Ein Termin für B.s Beisetzung steht noch nicht fest. "Es hängt davon ab, wann die Leiche freigegeben wird", sagte sein Vater. Die Familie bat um Verständnis, dass sie sich nicht zu dem tragischen Überfall äußern möchte. "Wir möchten nicht öffentlich über unseren Sohn sprechen, das haben wir überall so kommuniziert."
Mit einem ökumenischen Gottesdienst am Parkplatz des S-Bahnhofs München-Solln, an dem B. angegriffen worden war, sollte am Mittwochabend dessen Zivilcourage gewürdigt werden.
Zwei der Jugendlichen hatten zuvor einen Rentner bedroht
Zeitgleich zum Beginn der Andacht ordneten die Münchner Verkehrsunternehmen eine Gedenkminute im Nahverkehr an. Um 18.30 Uhr sollten alle S- und U-Bahnen sowie Busse und Straßenbahnen eine Minute lang stillstehen, wie die Stadtverwaltung mitteilte. Die von Oberbürgermeister Christian Ude, SPD, angeregte Gedenkminute sollte den Fahrgästen Gelegenheit geben, ihre Trauer um den Toten zu bekunden. Seehofer rief alle staatlichen Behörden und alle Bürger in Bayern auf, sich an der Schweigeminute zu beteiligen.

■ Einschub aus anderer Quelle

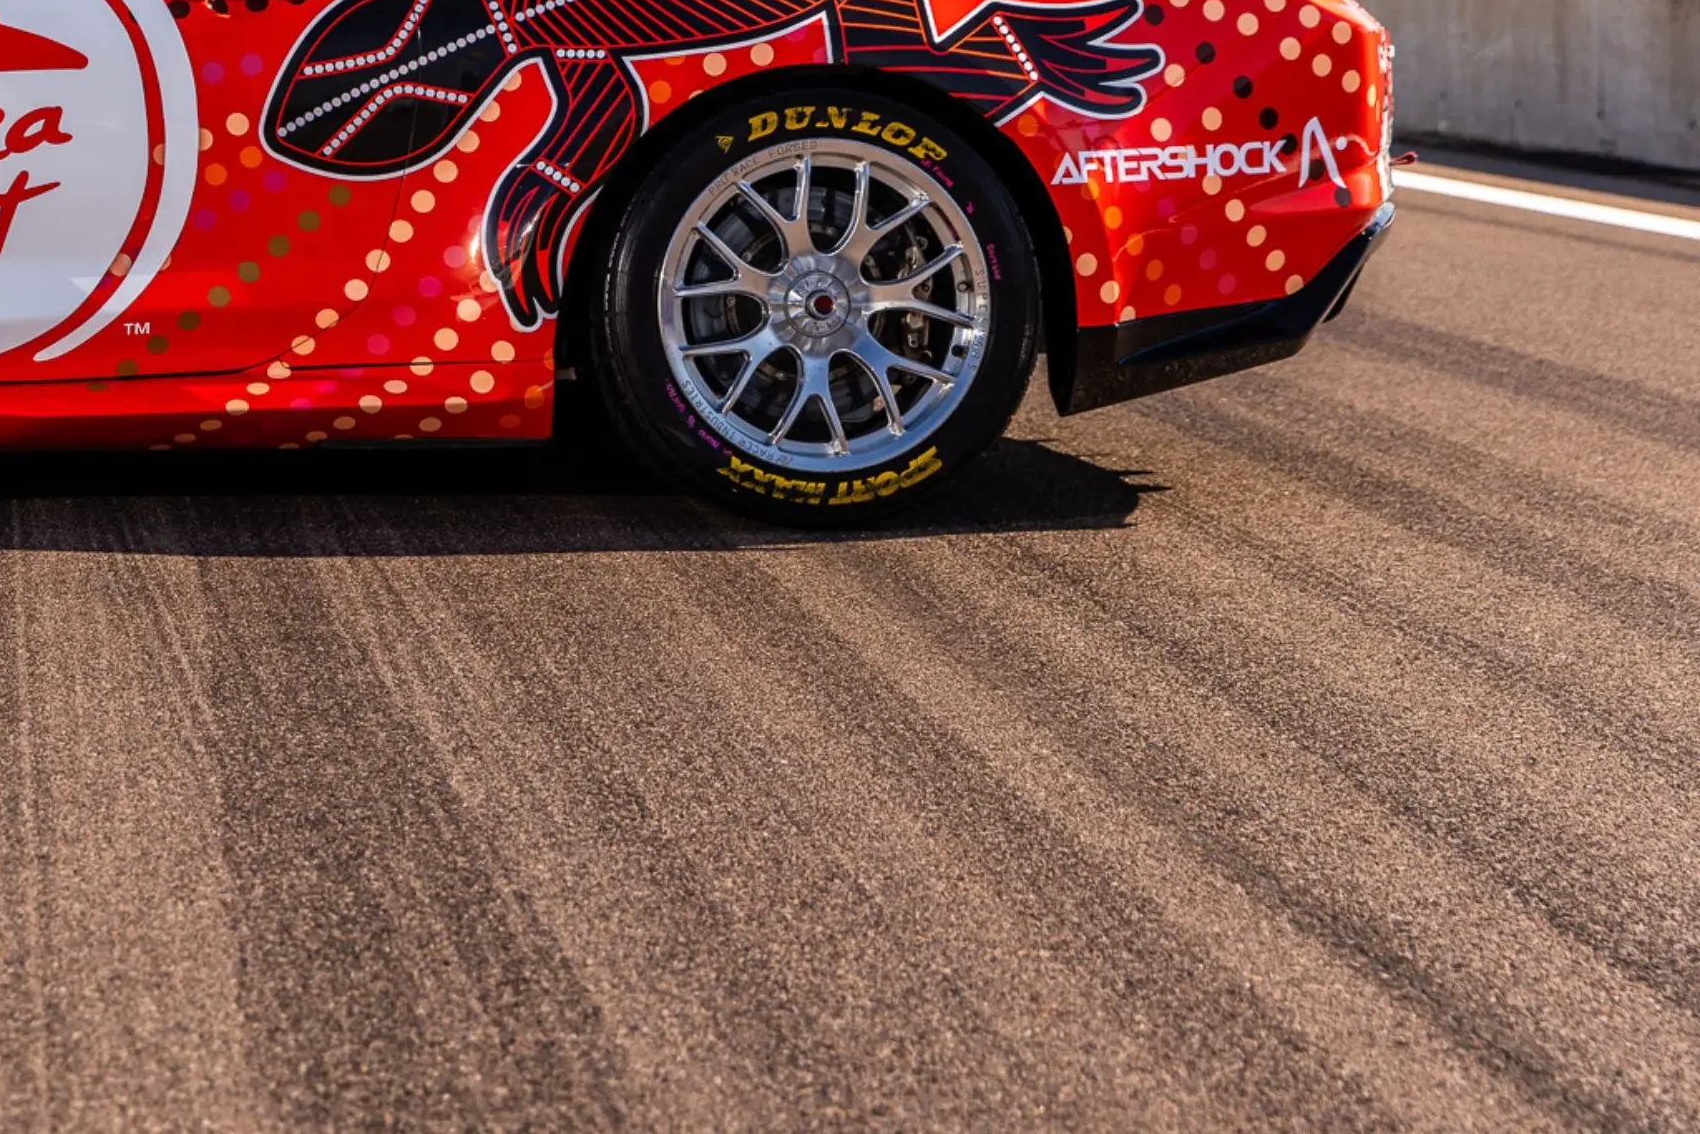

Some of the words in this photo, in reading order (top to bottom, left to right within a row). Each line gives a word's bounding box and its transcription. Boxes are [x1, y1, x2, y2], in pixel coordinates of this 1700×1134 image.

[747, 106, 948, 163] DUNLOP
[1050, 139, 1287, 185] AFTERSHOCK
[124, 322, 151, 336] TM
[716, 454, 826, 506] MAXX
[827, 445, 943, 506] SPORT

Die Polizei hat unterdessen 20 Zeugen vom S-Bahnhof Solln angehört. Es gebe keinerlei Verdachtsmomente, dass irgendeinem Anwesenden unterlassene Hilfeleistung anzulasten sei, betonte Polizeisprecher Peter Reichl.
Nach dem tödlichen Angriff sitzen drei junge Männer in Untersuchungshaft. Gegen die beiden Haupttäter im Alter von 17 und 18 Jahren wird wegen Mordes ermittelt. Gegen einen weiteren 17-Jährigen wird wegen versuchter räuberischer Erpressung ermittelt - er war bei dem Angriff nicht mehr dabei, hatte zuvor aber von den Kindern Geld verlangt und als erster auf eines der Kinder eingeschlagen.
Die Staatsanwaltschaft München hat bestätigt, dass zwei der Jugendlichen wenige Tage vor dem Angriff an einem U-Bahnhof einen Rentner bedroht haben. Oberstaatsanwältin Barbara Stockinger bestätigte einen Bericht der " Bild"-Zeitung, wonach die beiden 17-Jährigen von dem Mann Geld verlangt hatten. Sie wies aber die Darstellung zurück, die beiden Jugendlichen seien einfach laufengelassen worden.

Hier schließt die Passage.